Peut-on prévenir le risque de cancer du pancréas ?

Si l’on ne peut pas dépister précocement tous les cancers du pancréas, il est possible d’agir sur certains facteurs de risque avérés. Selon l’INCa, près de 30% des cancers du pancréas seraient liés à des expositions évitables :

  • Arrêt du tabac : fumer multiplie par 2 à 3 le risque de cancer du pancréas.
  • Limitation de l’alcool : corrélation avec la pancréatite chronique et les lésions pancréatiques.
  • Maintien d’un poids stable et d’une alimentation équilibrée : la surcharge pondérale, l’obésité abdominale et la consommation excessive de graisses animales augmentent le risque.
  • Prise en charge du diabète : suivie régulière du diabète, en particulier chez les personnes âgées.
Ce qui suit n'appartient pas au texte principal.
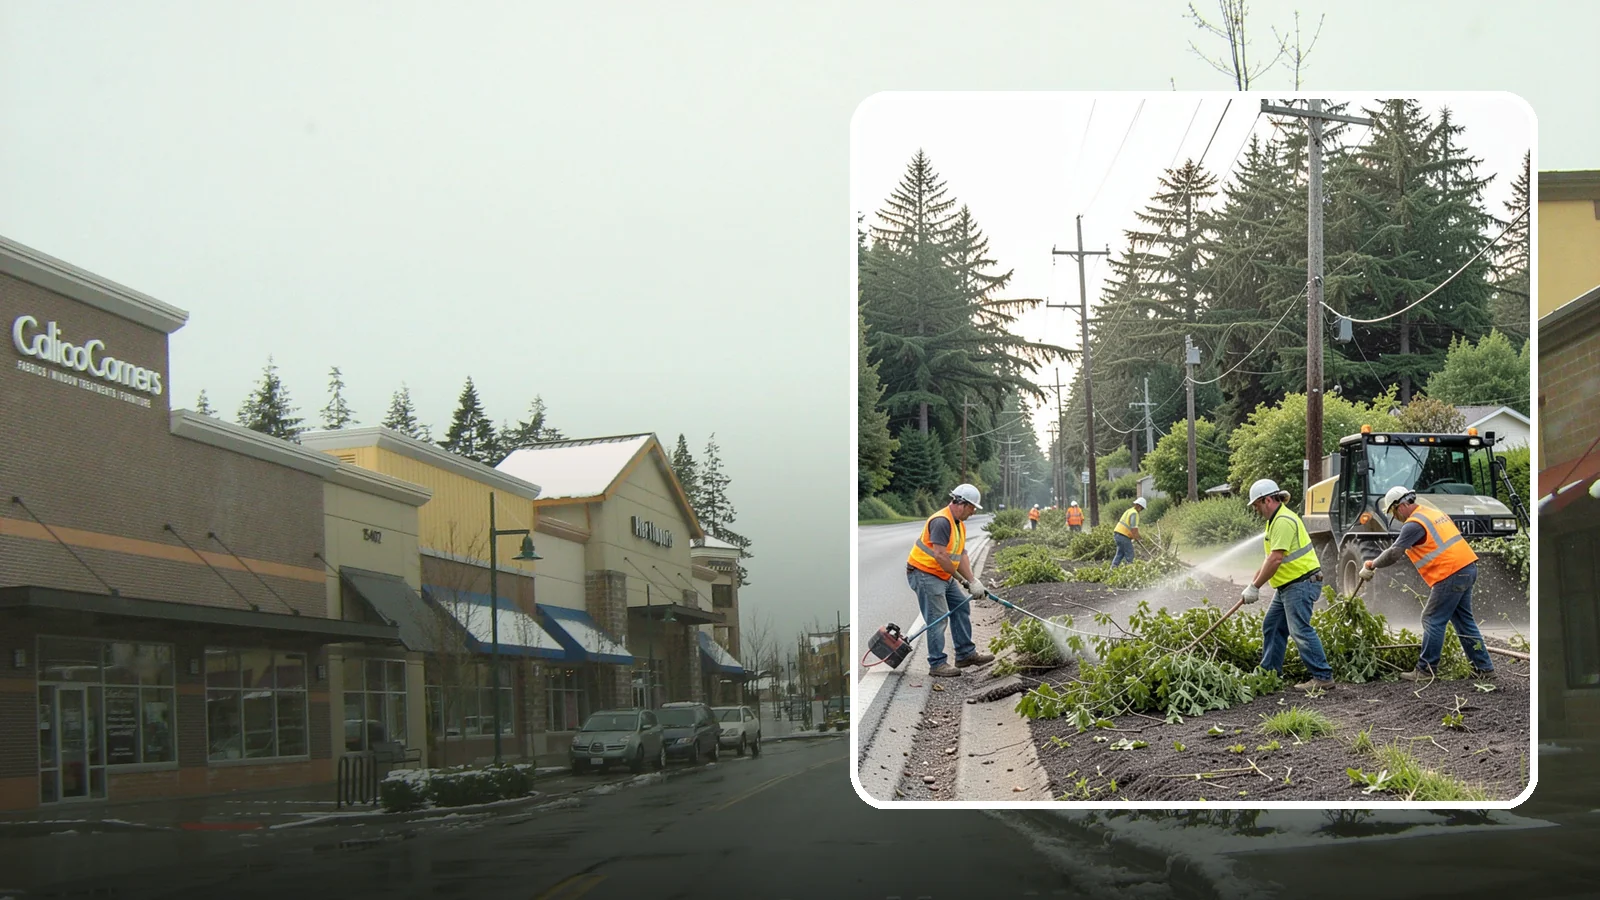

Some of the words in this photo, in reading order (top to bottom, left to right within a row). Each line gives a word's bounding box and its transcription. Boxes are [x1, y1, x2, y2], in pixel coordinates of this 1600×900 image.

[16, 360, 47, 377] FABRICS
[51, 370, 78, 386] WINDOW
[79, 379, 116, 398] TREATMENTS
La prévention individuelle, même sans possibilité de dépistage organisé, constitue donc un levier majeur, et particulièrement en Seine-Saint-Denis où les inégalités sociales de santé augmentent le poids de ces facteurs modifiables.

La recherche : quelles avancées à attendre ?
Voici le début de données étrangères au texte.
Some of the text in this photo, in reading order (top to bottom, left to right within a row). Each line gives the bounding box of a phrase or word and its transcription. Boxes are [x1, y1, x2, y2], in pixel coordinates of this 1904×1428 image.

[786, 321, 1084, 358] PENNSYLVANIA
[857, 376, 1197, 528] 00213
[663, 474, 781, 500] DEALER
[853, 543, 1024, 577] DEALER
Le cancer du pancréas reste l’un des cancers pour lesquels la recherche est la plus active. Les équipes françaises participent à plusieurs études internationales sur de nouveaux marqueurs sanguins (comme la recherche de l’ADN tumoral circulant) ou l’imagerie de dernière génération (Institut Curie). Pour l’instant, aucune méthode de dépistage précoce suffisamment fiable et accessible n’est validée pour la population générale. C’est un espoir, encore en phase d’évaluation, qui pourrait transformer la stratégie dans les années à venir.

À retenir pour les habitantes et habitants de Seine-Saint-Denis

  • Le dépistage du cancer du pancréas n’est pas recommandé ni pratiqué de manière systématique en France, y compris en Seine-Saint-Denis, en dehors de situations individuelles à haut risque génétique ou familial.
  • Agir sur la prévention (tabac, alcool, alimentation, activité physique) demeure crucial.
  • En cas d’antécédents familiaux, de symptômes inhabituels ou de questions spécifiques, le mieux est de consulter son médecin traitant ou de s’orienter vers une structure hospitalière spécialisée du département.
  • La recherche avance, mais à ce stade, l’essentiel reste d’être informé, vigilant et soutenu sur son territoire.

Le défi du dépistage du cancer du pancréas en Seine-Saint-Denis est collectif : améliorer l’accès à l’information, orienter rapidement en cas de doute, renforcer la prévention. C’est en travaillant ensemble, patients, proches, professionnels et structures du département, qu’on limitera les pertes de chance face à ce cancer.